One big change is now that the vSphere Web Client is now the preferred method for management your VMware environment. It is now fully-featured, and because it is web-based, is now cross-platform compatible. It still requires that the Flash plugin be loaded into the browser, so this continues to exclude management from iPads. There are still a few of items that are not completed for the web yet (OVF exporter, console viewer), but I know they are working on it.
vSphere 5.1 now also has the ability to present more performance statistics to the guest VMs. This means great news for DBAs, as more host-level and VM-level statistics are always welcome. I speak frequently about the need to grant your DBAs access to vCenter performance statistics, and hopefully this feature will help the situation.
Most DBAs do not care much or interact with some parts of the infrastructure on a day-to-day basis. I’d put networking at the top of that list. I continue to stand by my conviction that every technologist should have a basic understanding of each major aspect of all components underneath their database servers, and networking is no exception.

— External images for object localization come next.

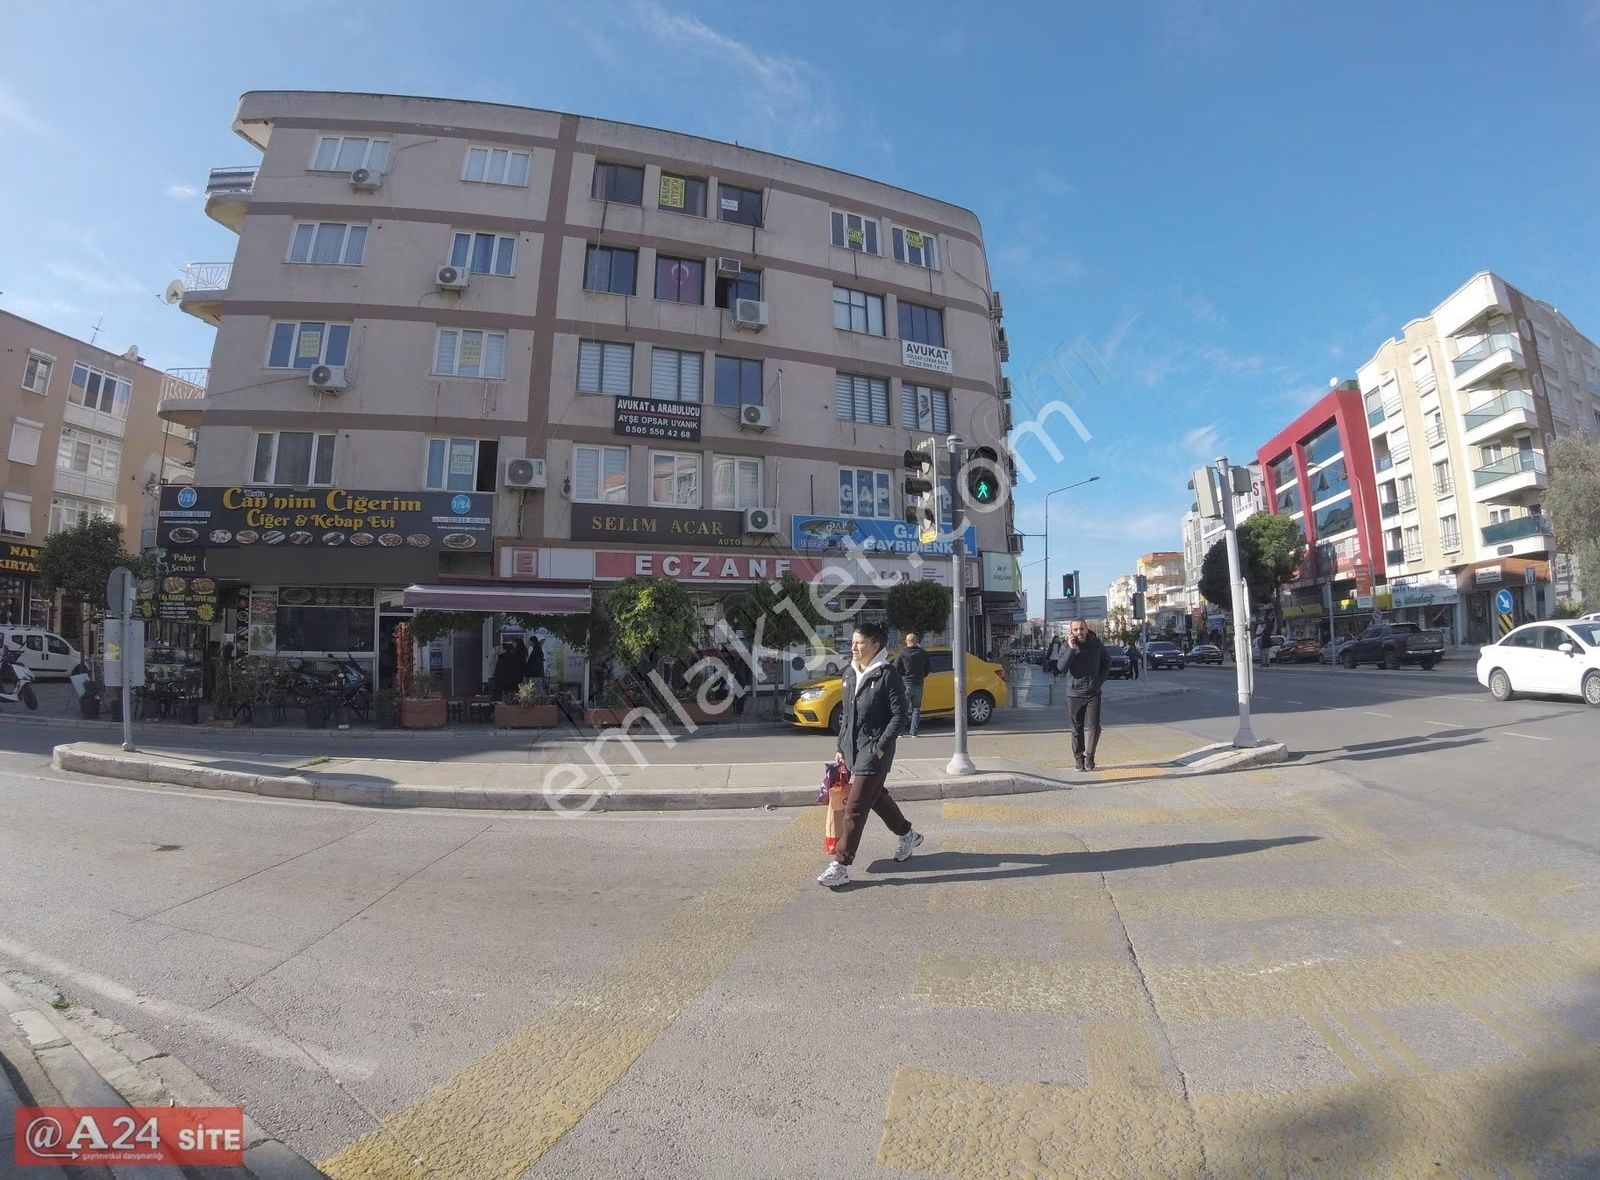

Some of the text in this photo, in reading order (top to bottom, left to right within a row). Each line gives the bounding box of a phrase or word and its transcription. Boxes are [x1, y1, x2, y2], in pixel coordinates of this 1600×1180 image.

[906, 343, 949, 360] AVUKAT
[617, 400, 700, 417] AVUKAT & ARABULUCU
[618, 414, 698, 429] AYŞE OPSAR UYANIK
[625, 426, 647, 434] 0505
[649, 427, 665, 435] 550
[326, 489, 422, 514] Ciğerim
[247, 508, 395, 531] Ciğer & Kebap Evi
[592, 514, 724, 535] SELİM ACAR
[718, 538, 741, 546] AUTO
[864, 540, 972, 554] GAYRİMENKL

The frailness around the persistence of the Virtual Distributed Switch (VDS) and the required nature of the management network was a big concern of mine in previous versions of vSphere. If the datacenter went offline (planned or unplanned), fringe cases could cause the VMware host to lose the VDS configuration. If the host could not communicate with the network because of the missing VDS, and the network was required to re-deploy the VDS profile to that host, you have a chicken-and-egg situation. The host would fail to communicate with the network. The administrator would have to scramble and set up a standard switch with a management port group, and this was rarely planned for. It is fixed it in vSphere 5.1. The host now retains the VDS configuration even if vCenter is offline. I can now change my recommendations to move the host networking completely to the VDS instead of keeping a management port group on a traditional Standard Switch.

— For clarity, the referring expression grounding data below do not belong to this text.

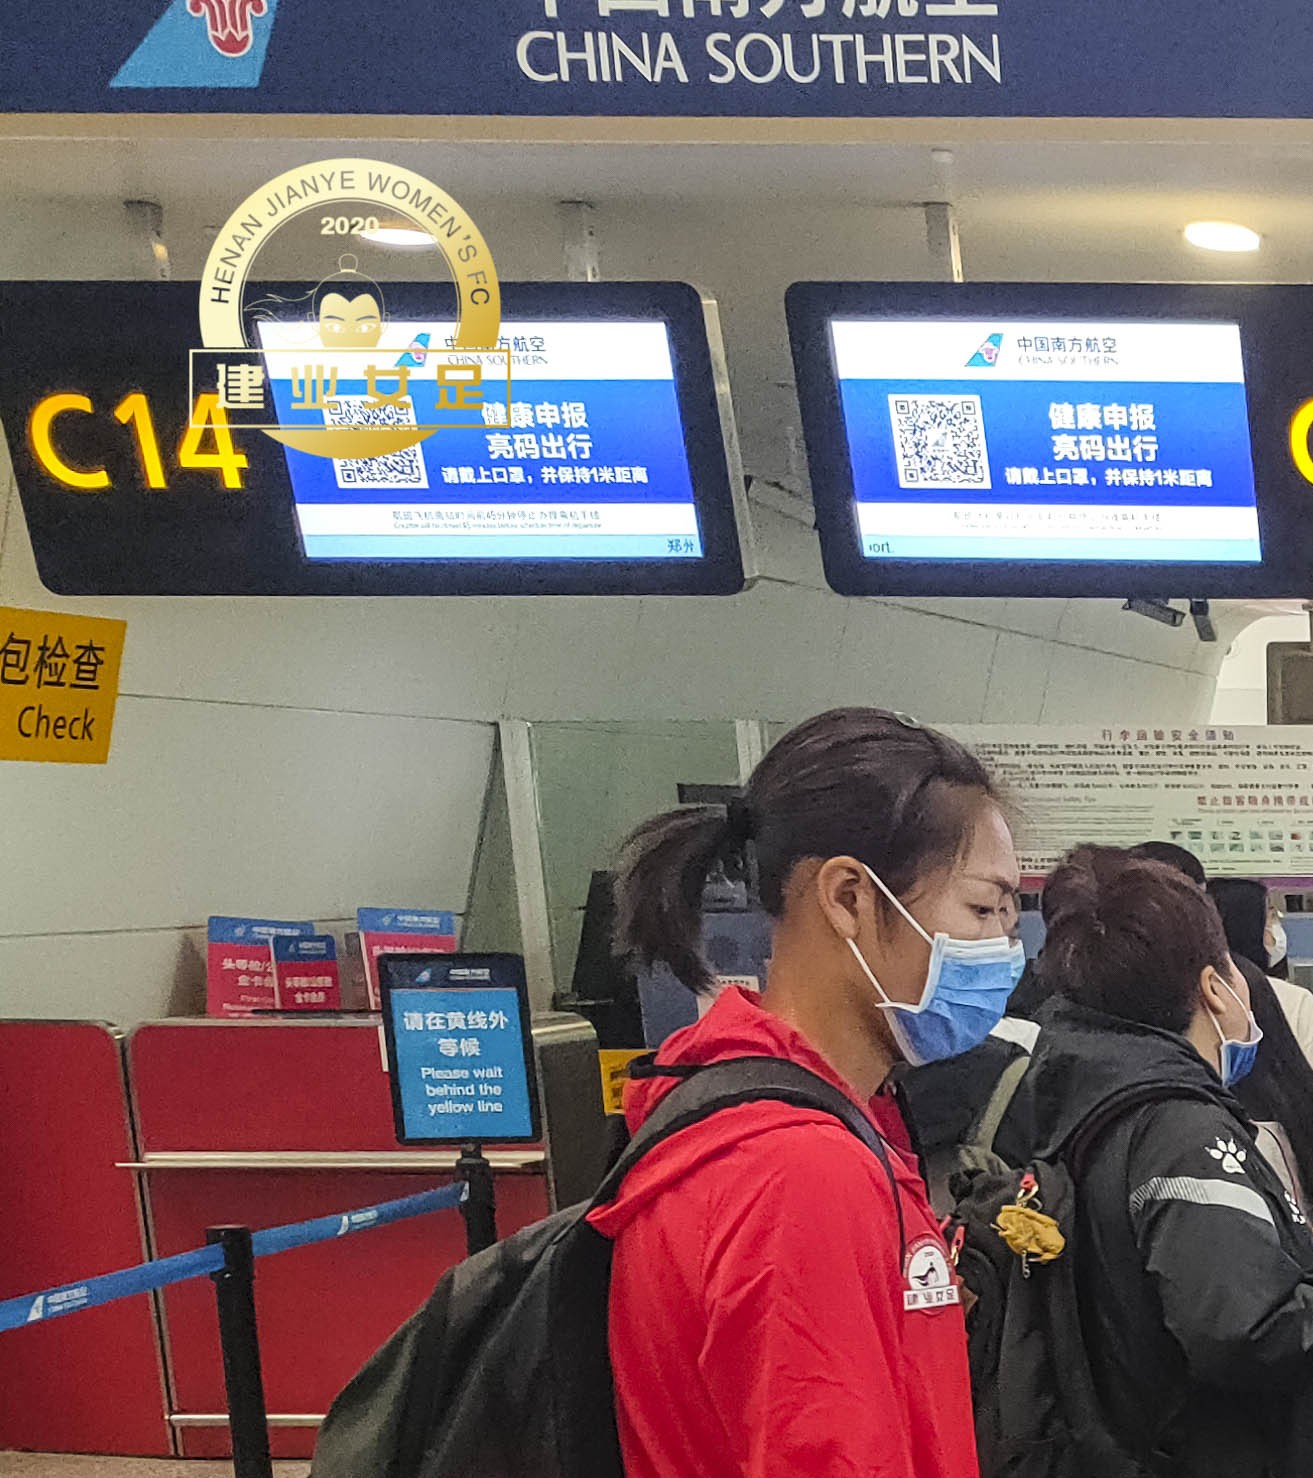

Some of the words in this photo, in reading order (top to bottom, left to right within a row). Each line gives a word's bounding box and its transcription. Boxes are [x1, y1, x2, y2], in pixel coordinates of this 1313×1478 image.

[516, 31, 689, 83] CHINA
[706, 32, 1001, 85] SOUTHERN
[1016, 336, 1118, 354] 中国南方航空
[481, 401, 589, 429] 健康申报
[1047, 402, 1157, 432] 健康申报
[29, 393, 249, 492] C14
[485, 433, 594, 460] 亮码出行
[1052, 434, 1160, 463] 亮码出行
[17, 704, 95, 741] Check
[403, 1011, 509, 1032] 请在黄线外
[437, 1038, 481, 1057] 等候
[421, 1066, 471, 1080] Please
[473, 1067, 504, 1079] wait
[425, 1083, 476, 1097] behind
[479, 1084, 503, 1096] the
[428, 1101, 475, 1115] yellow
[477, 1101, 504, 1113] line
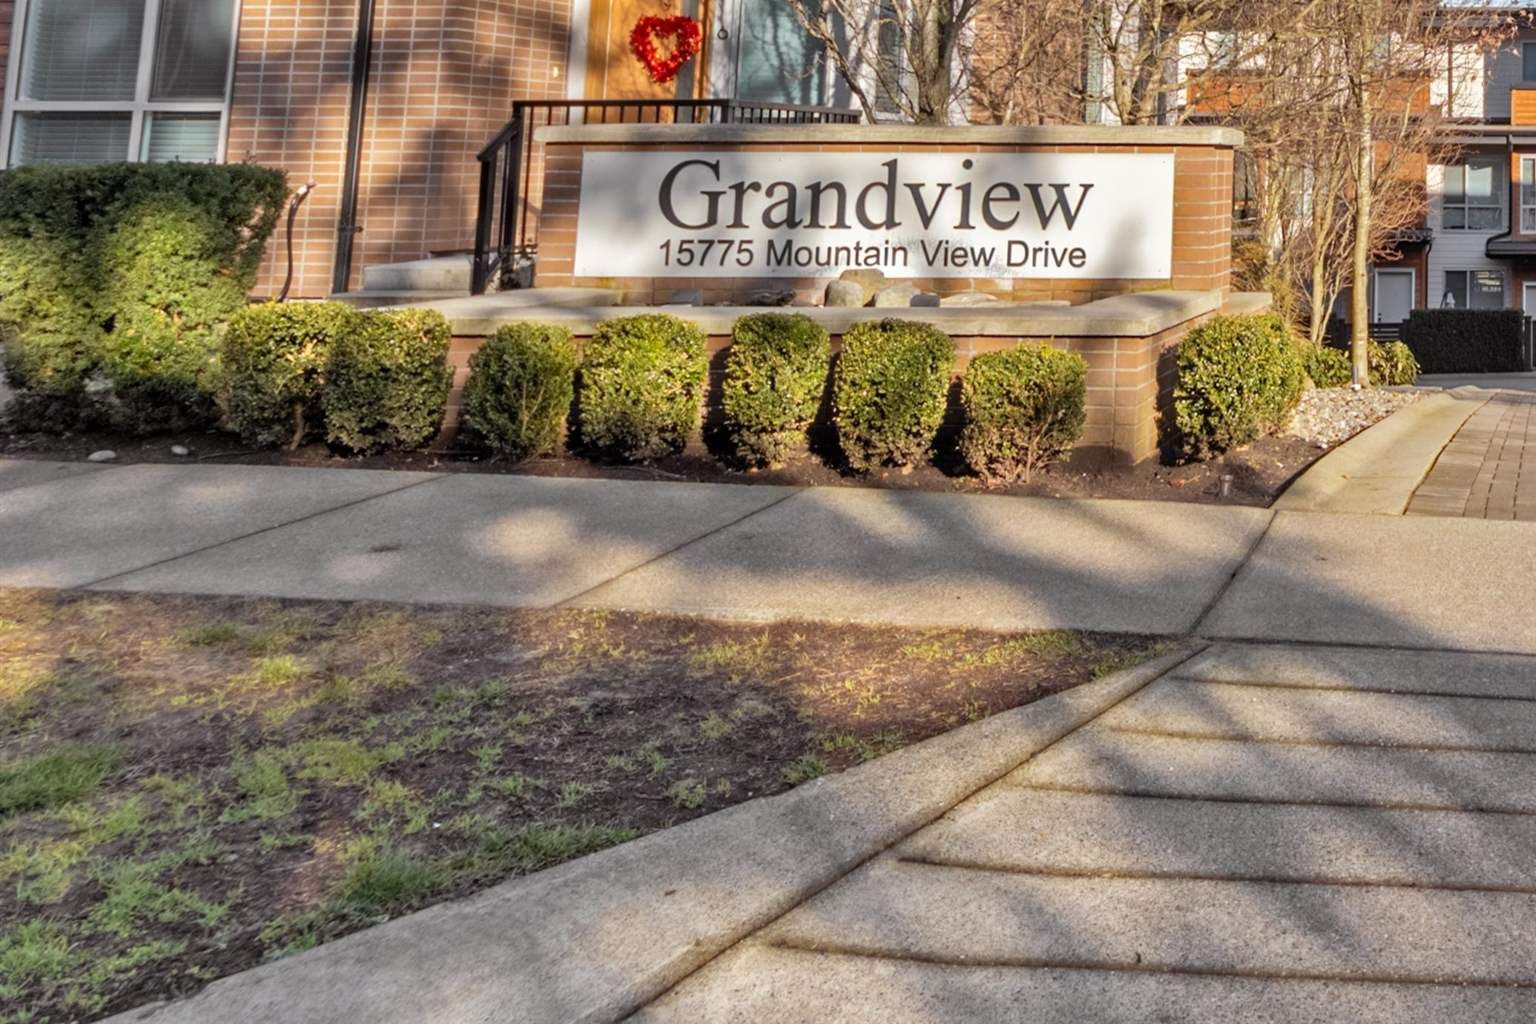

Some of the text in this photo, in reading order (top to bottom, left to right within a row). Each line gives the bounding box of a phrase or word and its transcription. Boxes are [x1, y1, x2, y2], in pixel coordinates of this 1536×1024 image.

I know this does not directly affect you DBAs out there, but indirectly this new feature keeps you from unplanned delays in firing up your VMs if something bad happens.
The last VMware networking feature that your DBA should know about is the VXLAN. It is now part of VMware’s Software-Driven Data Center model. You can now create a new isolated network within a VLAN. Have you ever had an argument with the networking team about needing new VLANs for things like development, test, or backup recovery networks? Now, this can be performed through software rather than at the switch level, and can be done in mere minutes.